Nichtannahmebeschluss: Wiedereinsetzung nach § 93 BVerfGG wegen fehlender Darlegung abgelehnt
- Gericht
- BVerfG
- Spruchkörper
- 2. Senat 2. Kammer
- Aktenzeichen
- 2 BvR 2282/18
- Datum
- 03.09.2019
- Rechtsgebiet
- Öffentliches Recht
- ECLI
- ECLI:DE:BVerfG:2019:rk20190903.2bvr228218
Abstrakte Rechtssätze
Ein Wiedereinsetzungsantrag nach § 93 Abs. 2 S. 1 BVerfGG setzt voraus, dass der Antragsteller selbstständig und substantiiert darlegt, ohne Verschulden gehindert gewesen zu sein, die Monatsfrist des § 93 Abs. 1 BVerfGG einzuhalten.
Der bloße Antrag auf Beiziehung medizinischer Unterlagen (z.

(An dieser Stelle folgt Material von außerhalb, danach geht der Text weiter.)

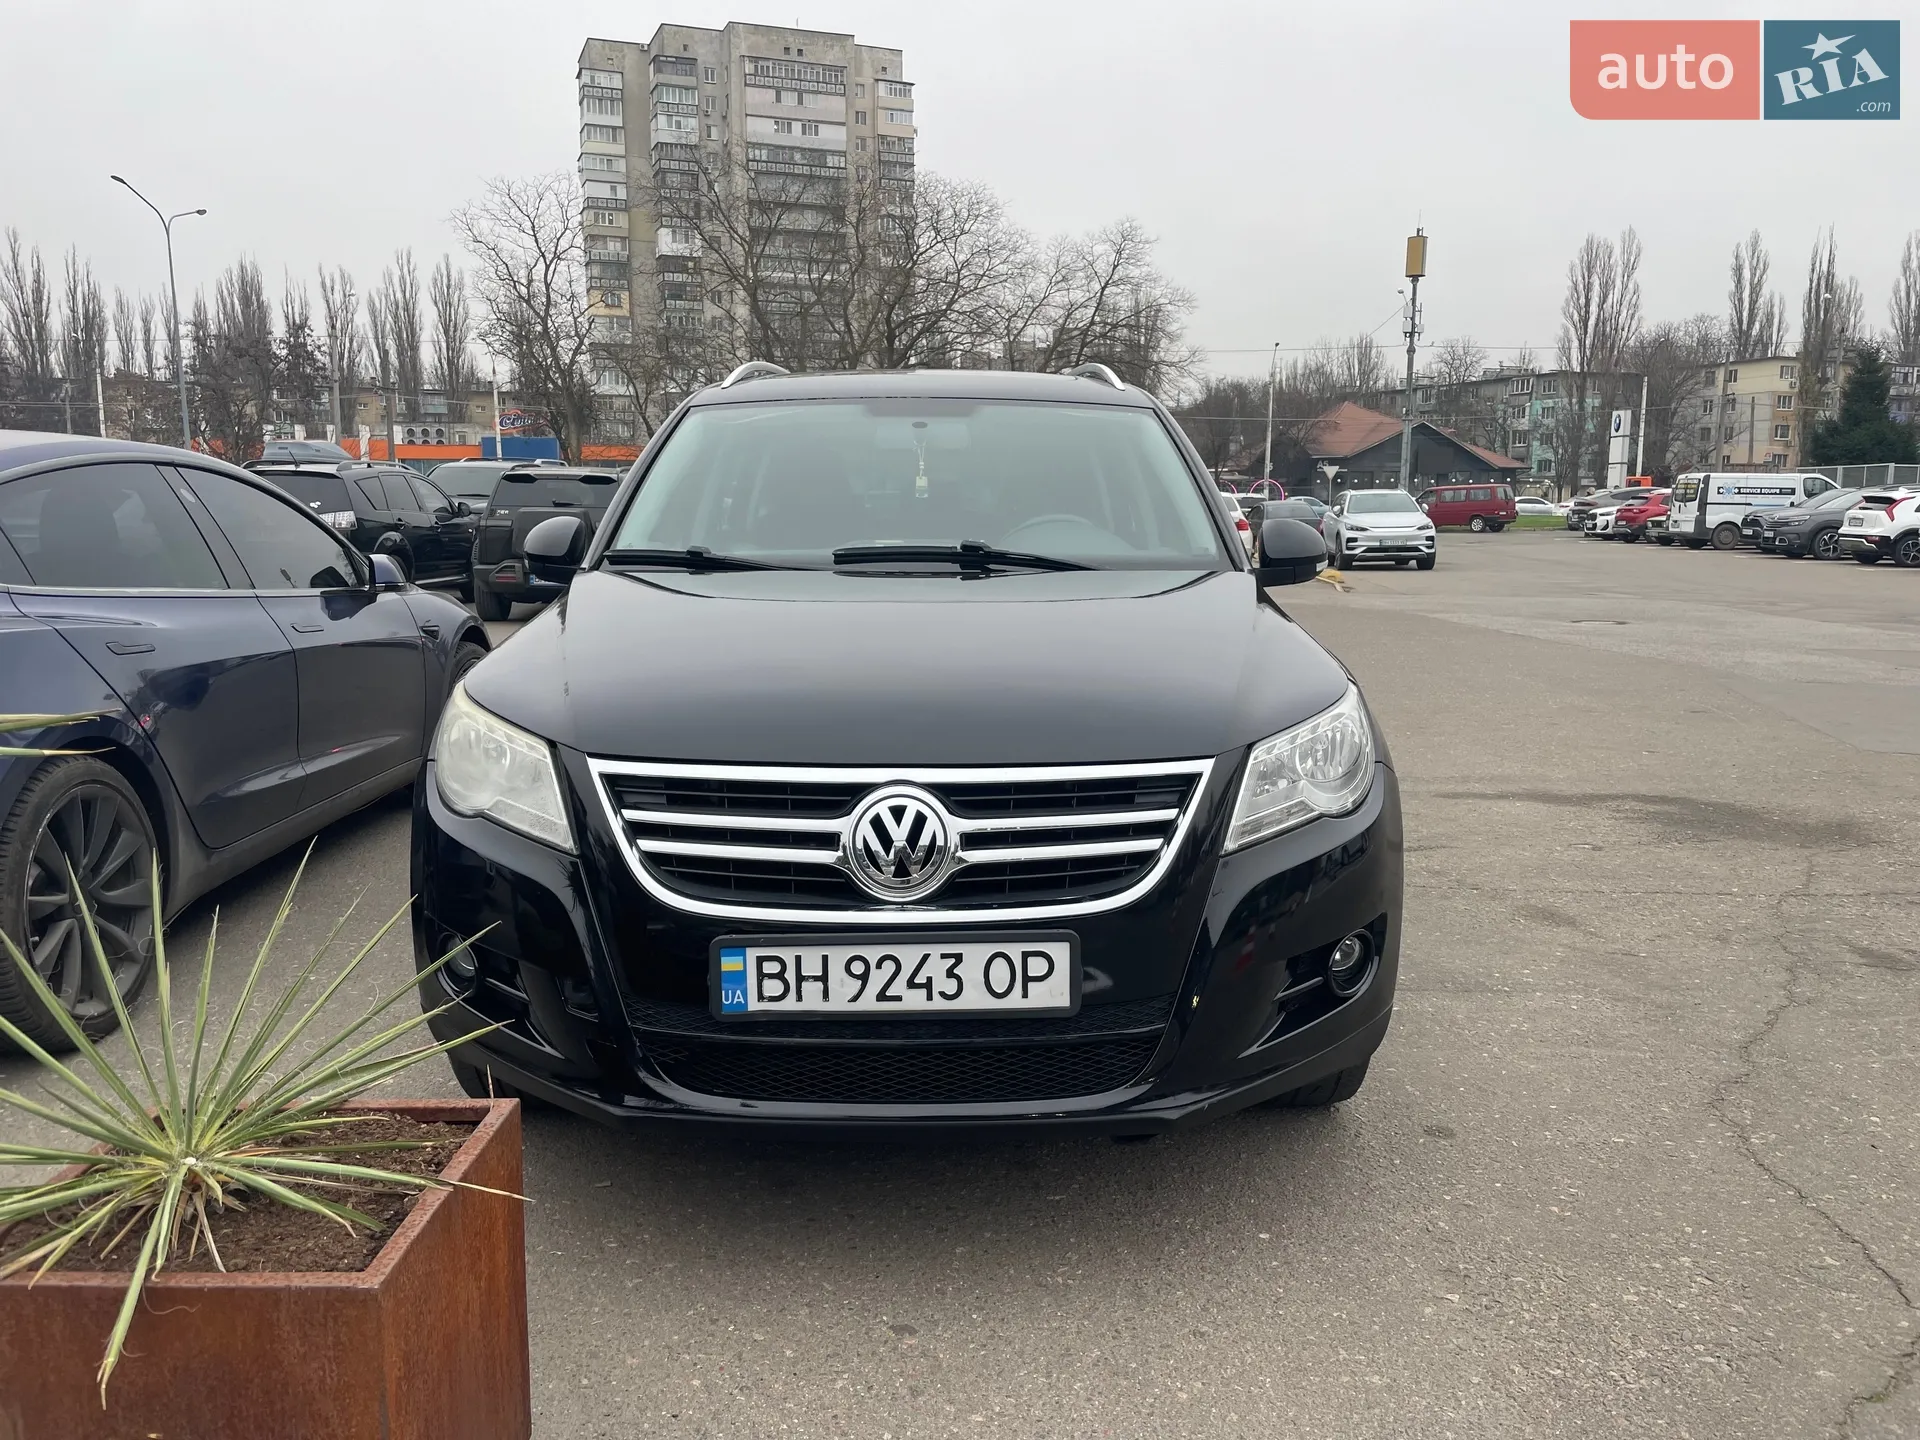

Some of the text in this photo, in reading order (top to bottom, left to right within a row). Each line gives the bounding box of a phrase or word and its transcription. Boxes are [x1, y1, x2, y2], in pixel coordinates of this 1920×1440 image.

B. Krankenakte) entbindet den Antragsteller nicht von der Pflicht, den Verhinderungsgrund eigenständig und ausreichend darzutun.

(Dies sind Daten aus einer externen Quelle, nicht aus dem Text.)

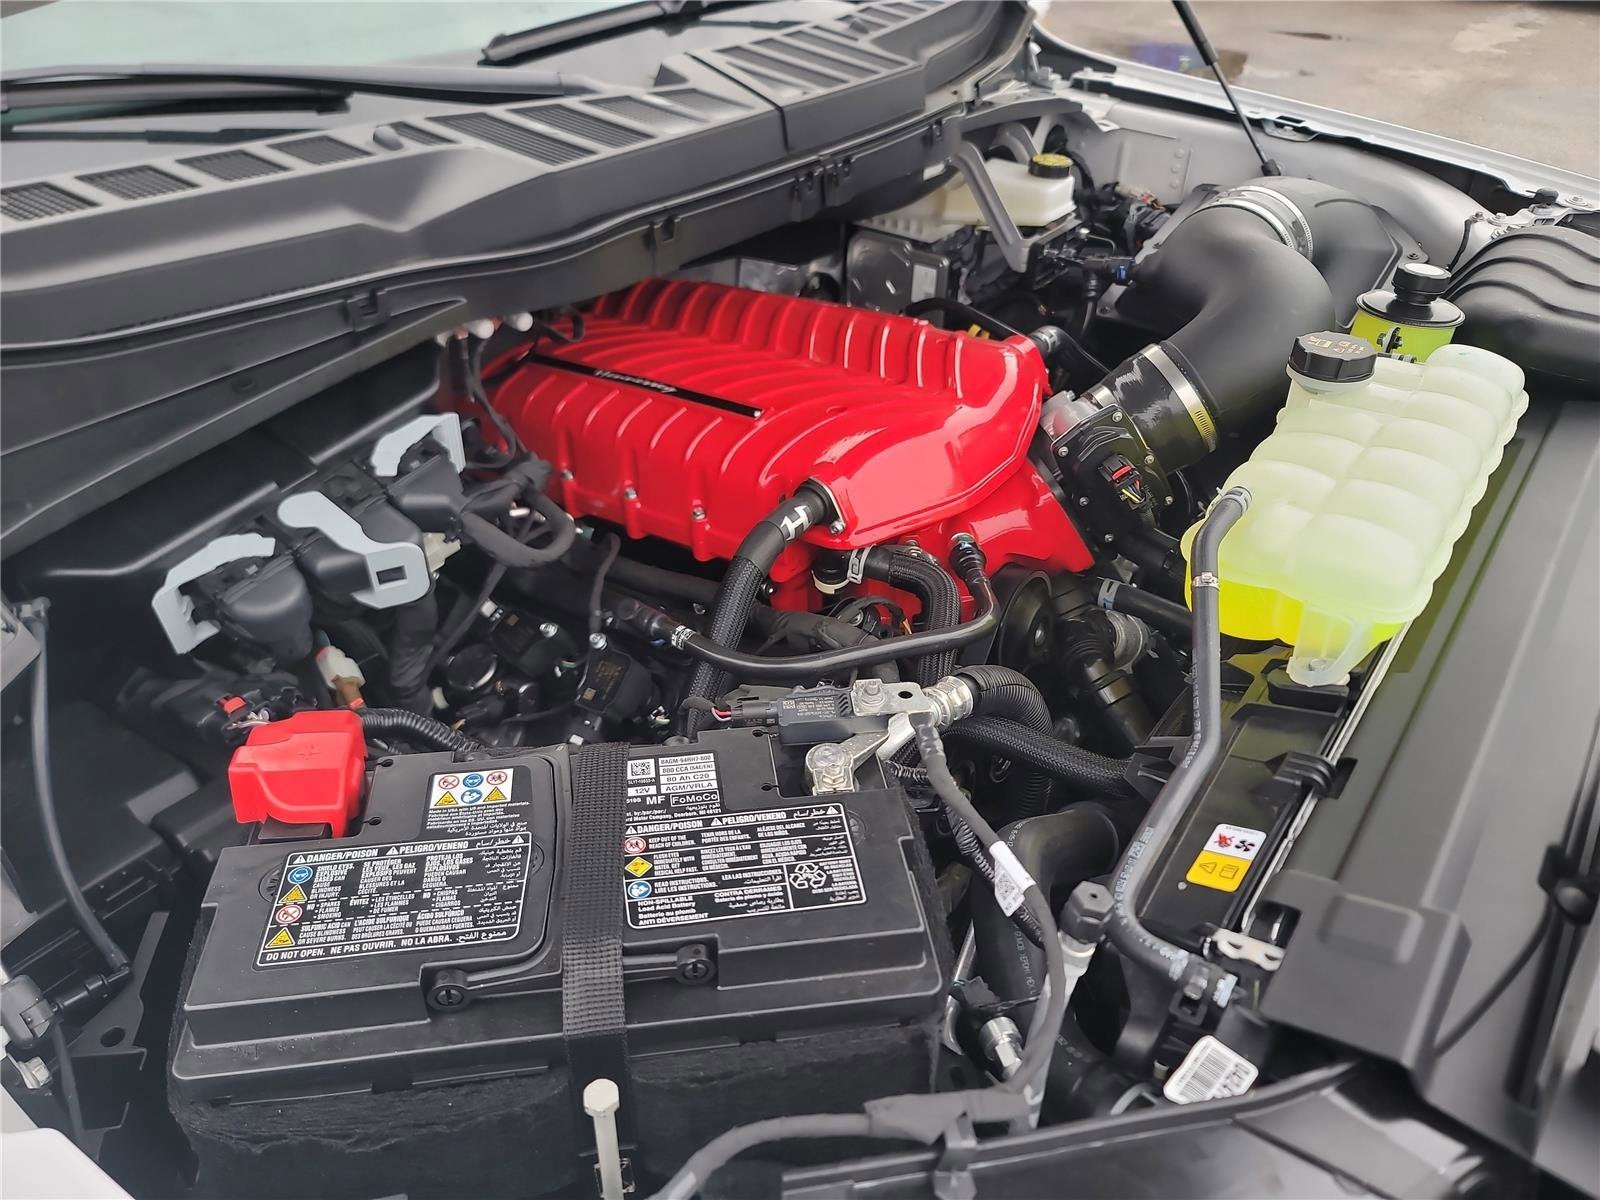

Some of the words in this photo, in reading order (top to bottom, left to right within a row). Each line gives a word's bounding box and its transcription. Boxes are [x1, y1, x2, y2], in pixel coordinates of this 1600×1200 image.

[666, 782, 712, 792] AGM/VRLA
[647, 796, 666, 805] MF
[673, 793, 717, 804] FoMoCo
[722, 811, 786, 825] PELIGRO/VENENO
[637, 820, 703, 834] DANGER/POISON
[399, 841, 468, 854] PELIGRO/VENENO
[306, 849, 378, 863] DANGER/POISON
[349, 897, 370, 906] ÉVITEZ
[638, 896, 693, 906] NON-SPILLABLE
[657, 912, 709, 923] DÉVERSEMENT
[427, 934, 453, 943] ABRA.
[344, 944, 360, 952] PAS
[362, 940, 397, 950] OUVRIR.
[281, 951, 299, 959] NOT
[300, 948, 326, 957] OPEN.
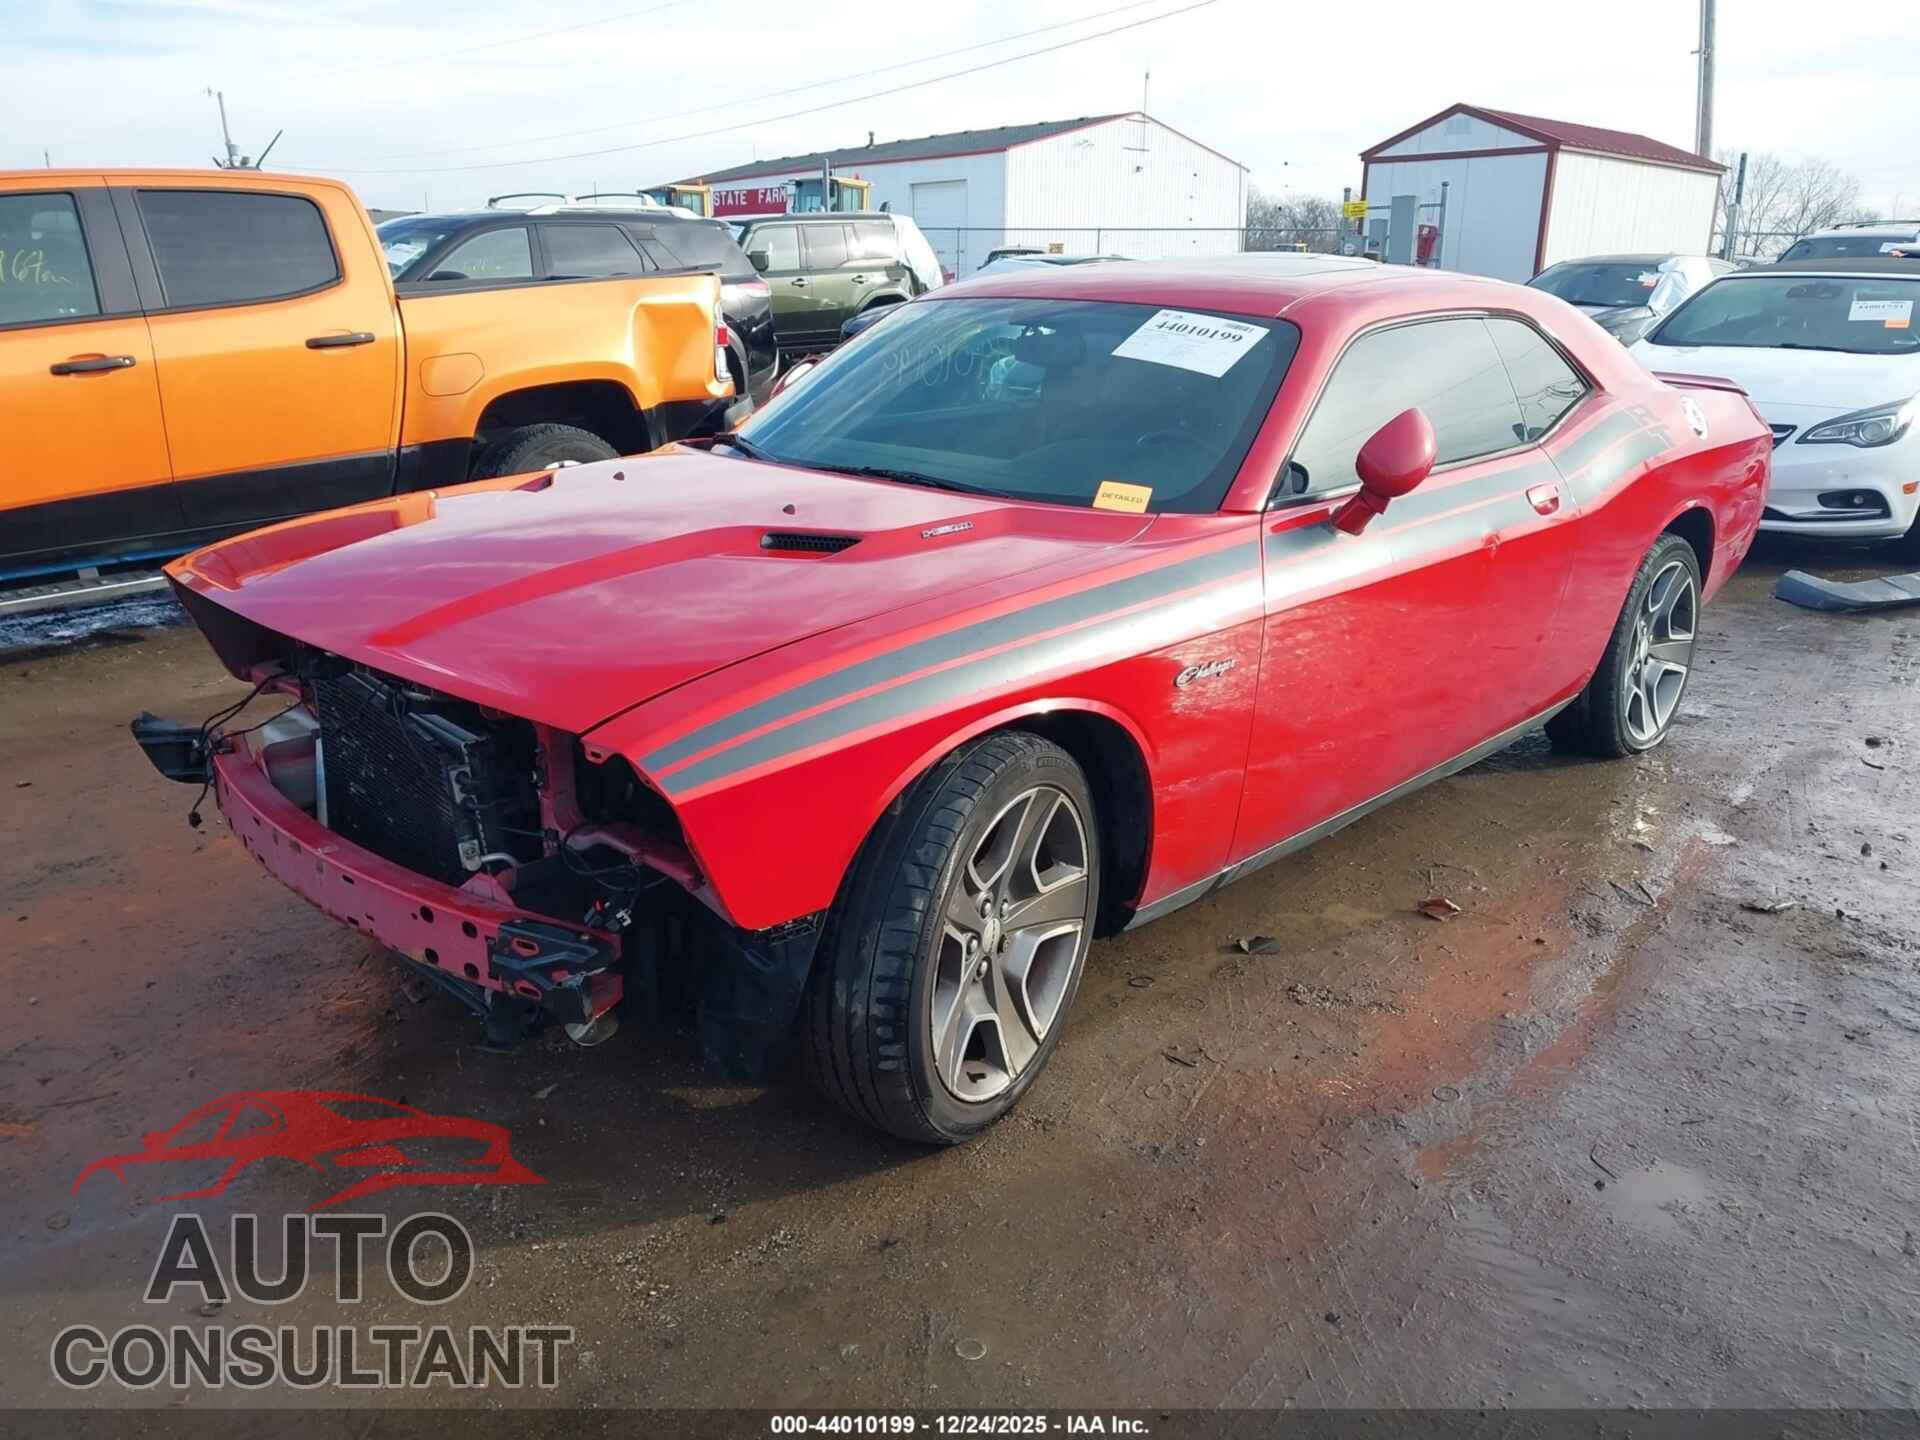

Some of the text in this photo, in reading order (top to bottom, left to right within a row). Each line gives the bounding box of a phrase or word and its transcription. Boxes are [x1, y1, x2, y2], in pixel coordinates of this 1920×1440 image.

Das Bundesverfassungsgericht nimmt eine Verfassungsbeschwerde nicht zur Entscheidung an, wenn grundsätzliche Verfahrensvoraussetzungen, insbesondere die Voraussetzungen für Wiedereinsetzung, nicht erfüllt sind.
Nichtergehen von Entscheidungen des Bundesverfassungsgerichts in Nichtannahmebeschlüssen ist unanfechtbar.
Vorinstanzen
vorgehend LG Lübeck, 8. August 2018, Az: 5 i StVK 55/18, Beschluss
Tenor
1. Der Antrag auf Wiedereinsetzung in den vorigen Stand wird abgelehnt, da der Beschwerdeführer nicht dargelegt hat, dass er ohne Verschulden gehindert war, die Monatsfrist des § 93 Absatz 1 BVerfGG einzuhalten. Der Antrag, seine Krankenakte beizuziehen, entbindet den Beschwerdeführer nicht davon, einen Verhinderungsgrund selbstständig darzutun.
2. Die Verfassungsbeschwerde wird nicht zur Entscheidung angenommen.
Gründe
Diese Entscheidung ist unanfechtbar.